/---

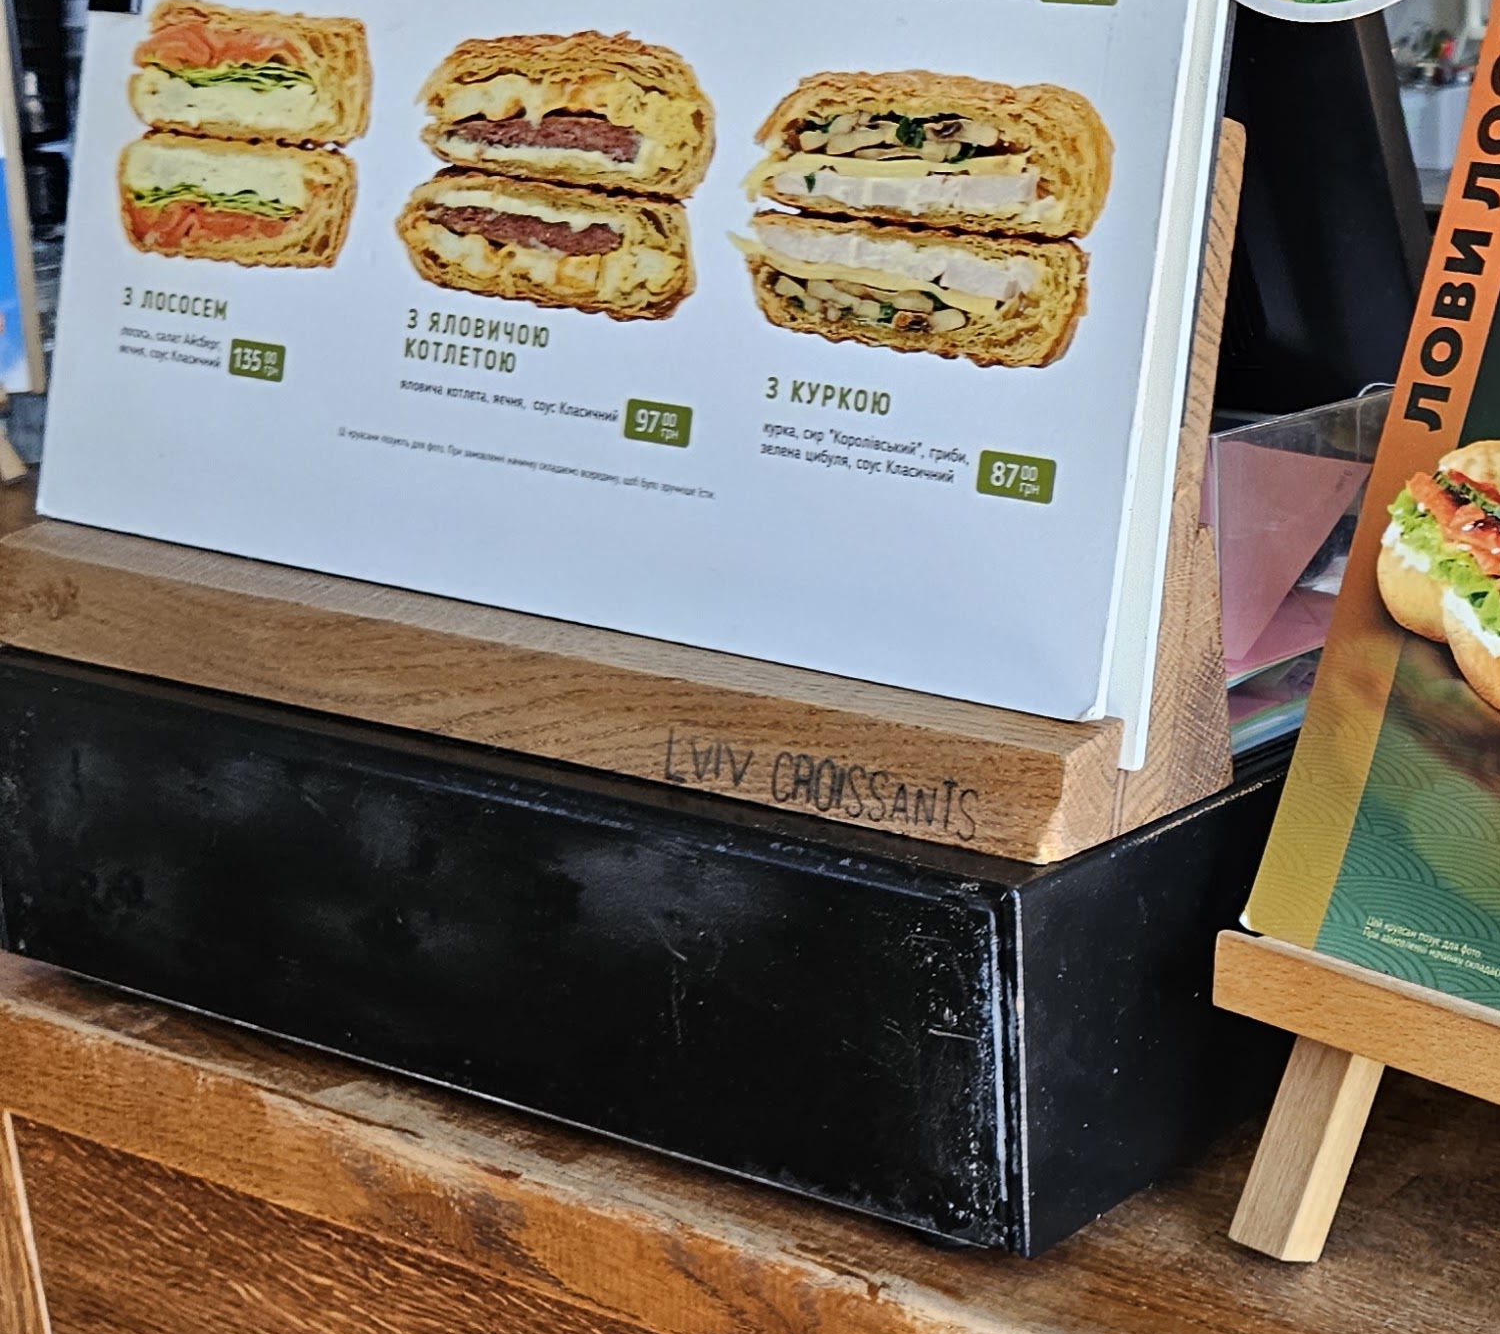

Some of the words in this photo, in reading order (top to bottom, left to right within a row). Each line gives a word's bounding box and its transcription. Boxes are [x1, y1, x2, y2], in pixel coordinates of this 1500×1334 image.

[122, 286, 133, 306] З
[140, 290, 229, 320] ЛОСОСЕМ
[407, 308, 419, 329] З
[427, 311, 550, 349] ЯЛОВИЧОЮ
[1402, 227, 1494, 434] ЛОВИ
[232, 347, 262, 372] 135
[403, 337, 517, 374] КОТЛЕТОЮ
[765, 376, 780, 400] З
[790, 379, 892, 416] КУРКОЮ
[633, 408, 661, 434] 97
[661, 411, 678, 428] 00
[759, 442, 801, 460] зелена
[855, 456, 882, 474] соус
[928, 446, 970, 466] гриби,
[989, 461, 1021, 489] 87
[1020, 465, 1039, 482] 00
[1018, 482, 1040, 497] грн
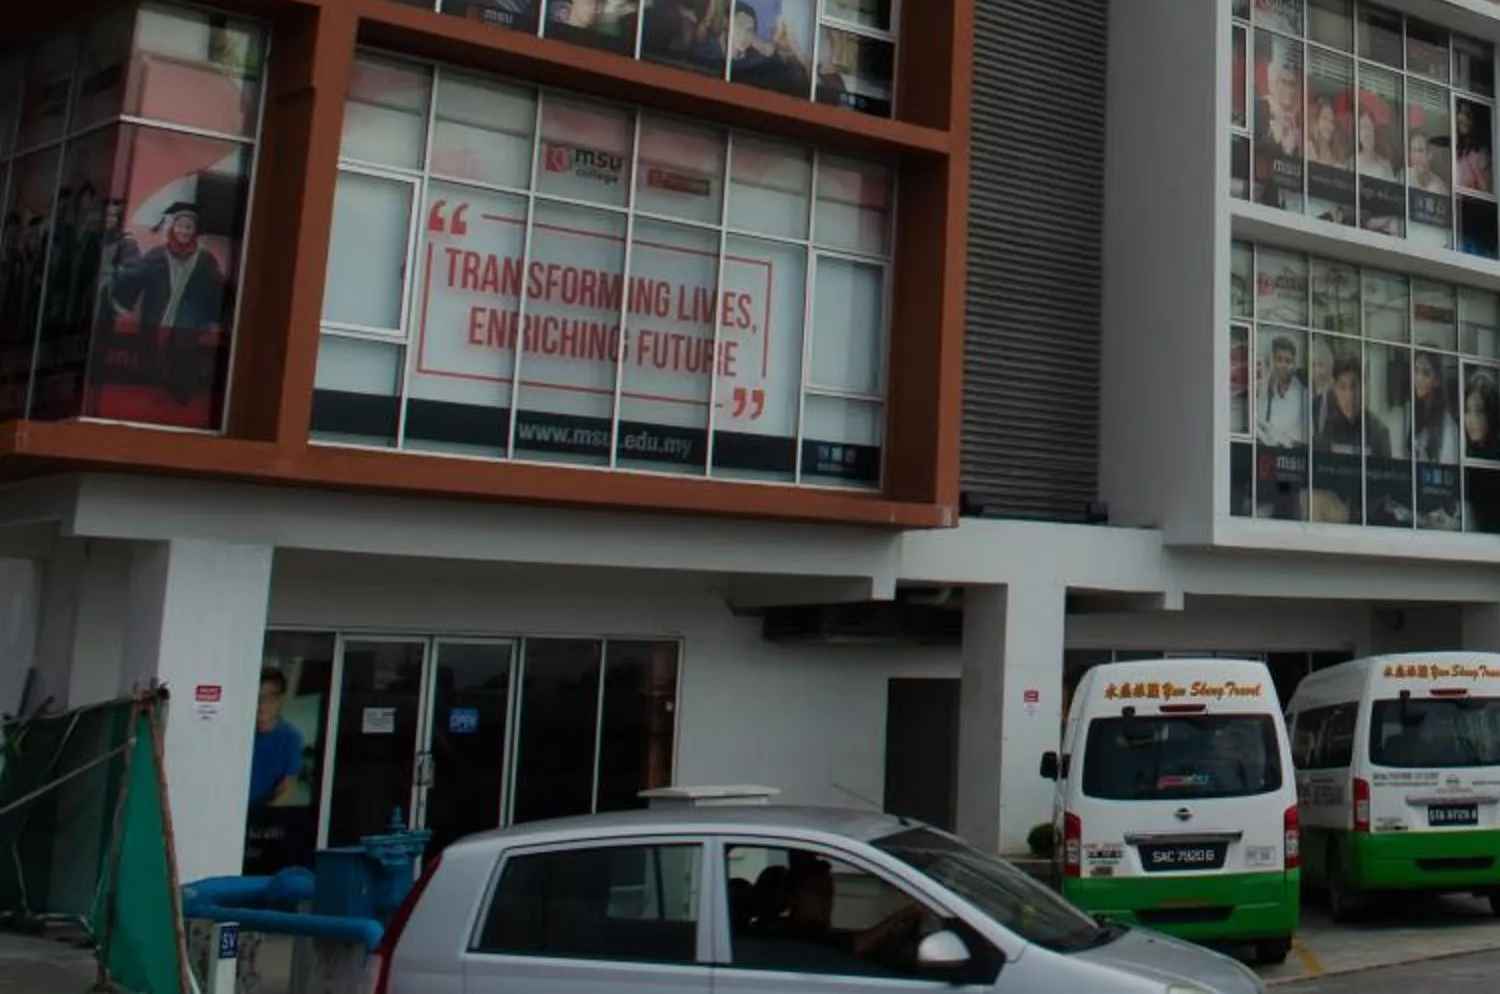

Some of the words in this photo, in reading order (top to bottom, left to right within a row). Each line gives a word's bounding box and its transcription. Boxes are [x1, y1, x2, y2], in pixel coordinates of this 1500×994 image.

[575, 148, 623, 171] msu
[445, 247, 671, 318] TRANSFORMING
[677, 283, 757, 334] LIVES,
[468, 306, 629, 363] ENRICHING
[637, 328, 739, 377] FUTURE
[1225, 681, 1262, 697] Travel
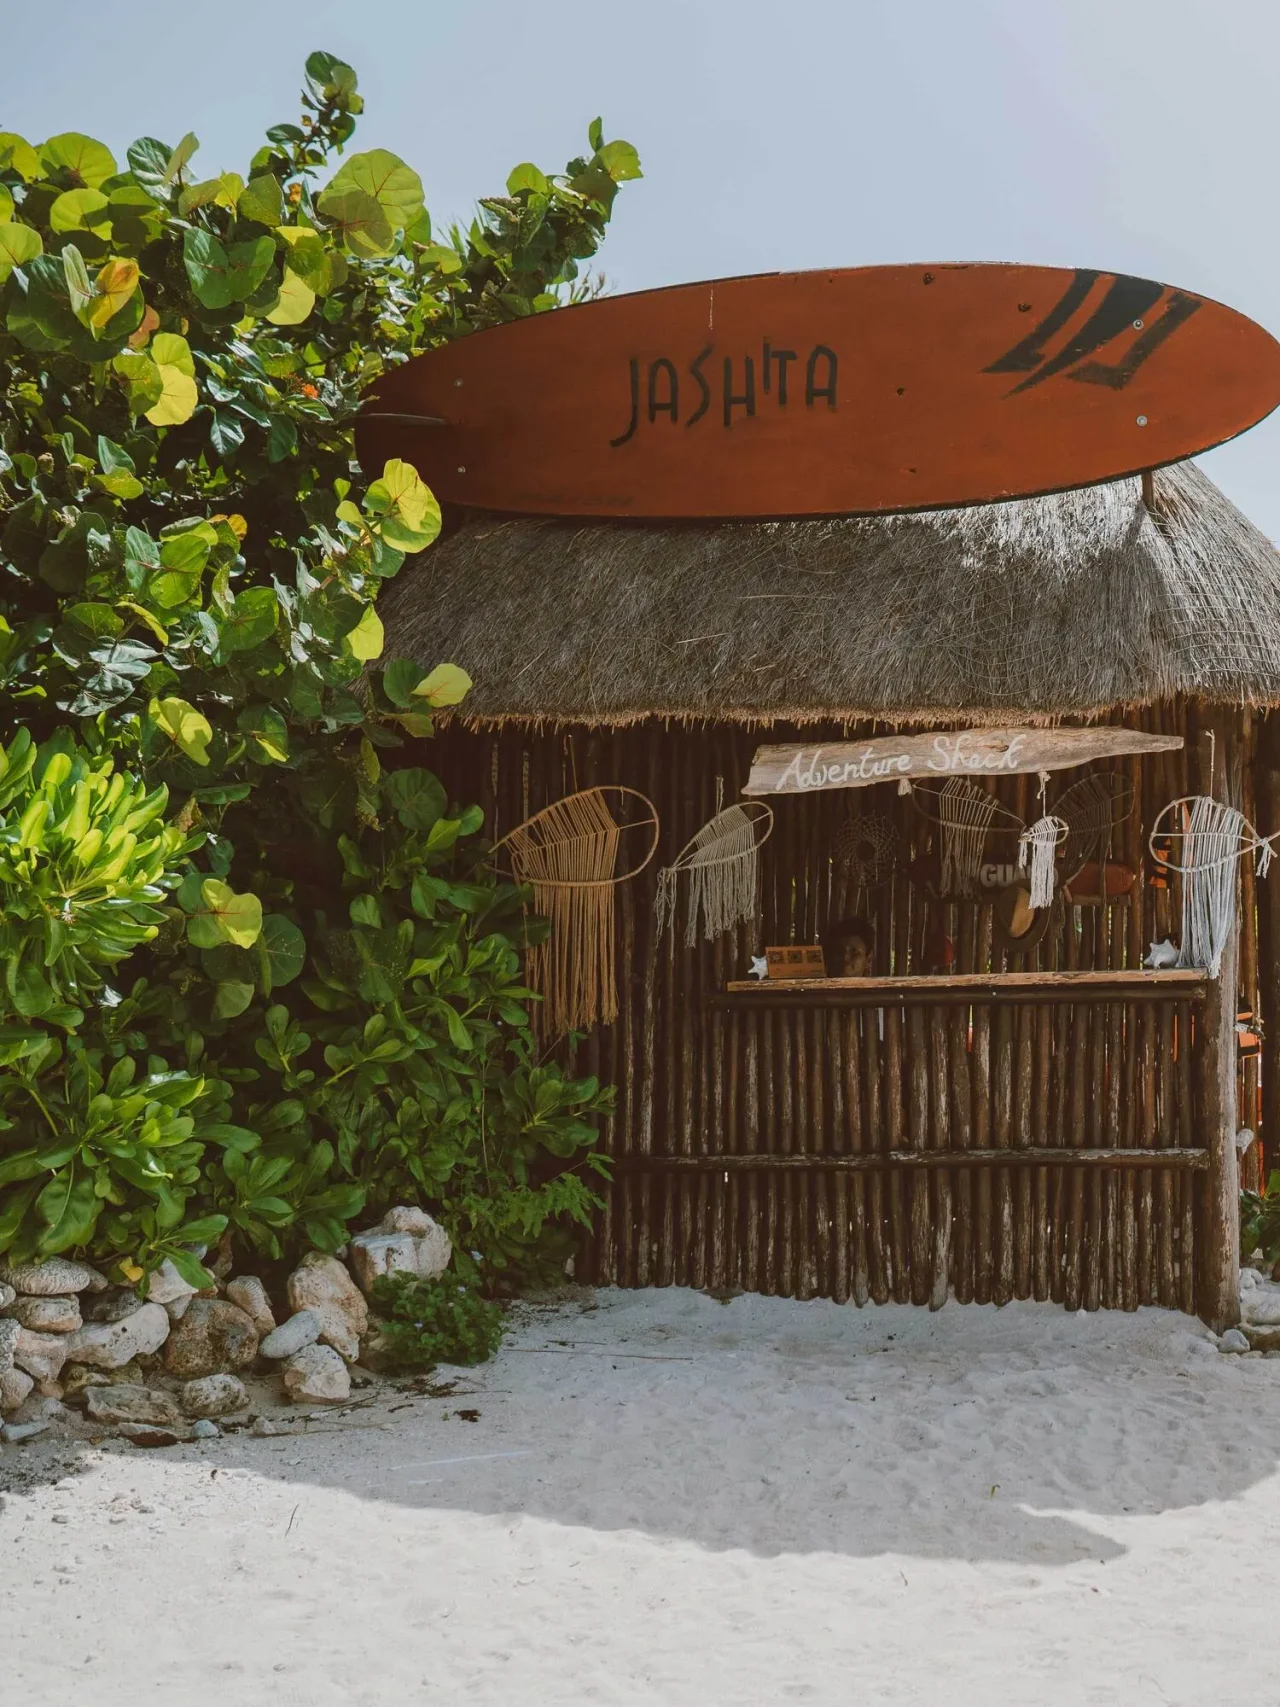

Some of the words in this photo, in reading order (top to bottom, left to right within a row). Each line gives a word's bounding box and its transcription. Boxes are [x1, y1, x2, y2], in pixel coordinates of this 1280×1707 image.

[609, 336, 838, 448] JASHITA
[776, 746, 912, 790] Adventure
[927, 733, 1027, 771] Shack
[980, 863, 1059, 888] GUA

\---

Everything from the line with "this 1280×1707 image." down to the last line of the data above should be returned exactly, with both ends kept and nothing added.

▶ _Solution_
Some of the words in this photo, in reading order (top to bottom, left to right within a row). Each line gives a word's bounding box and its transcription. Boxes are [x1, y1, x2, y2], in pixel coordinates of this 1280×1707 image.

[609, 336, 838, 448] JASHITA
[776, 746, 912, 790] Adventure
[927, 733, 1027, 771] Shack
[980, 863, 1059, 888] GUA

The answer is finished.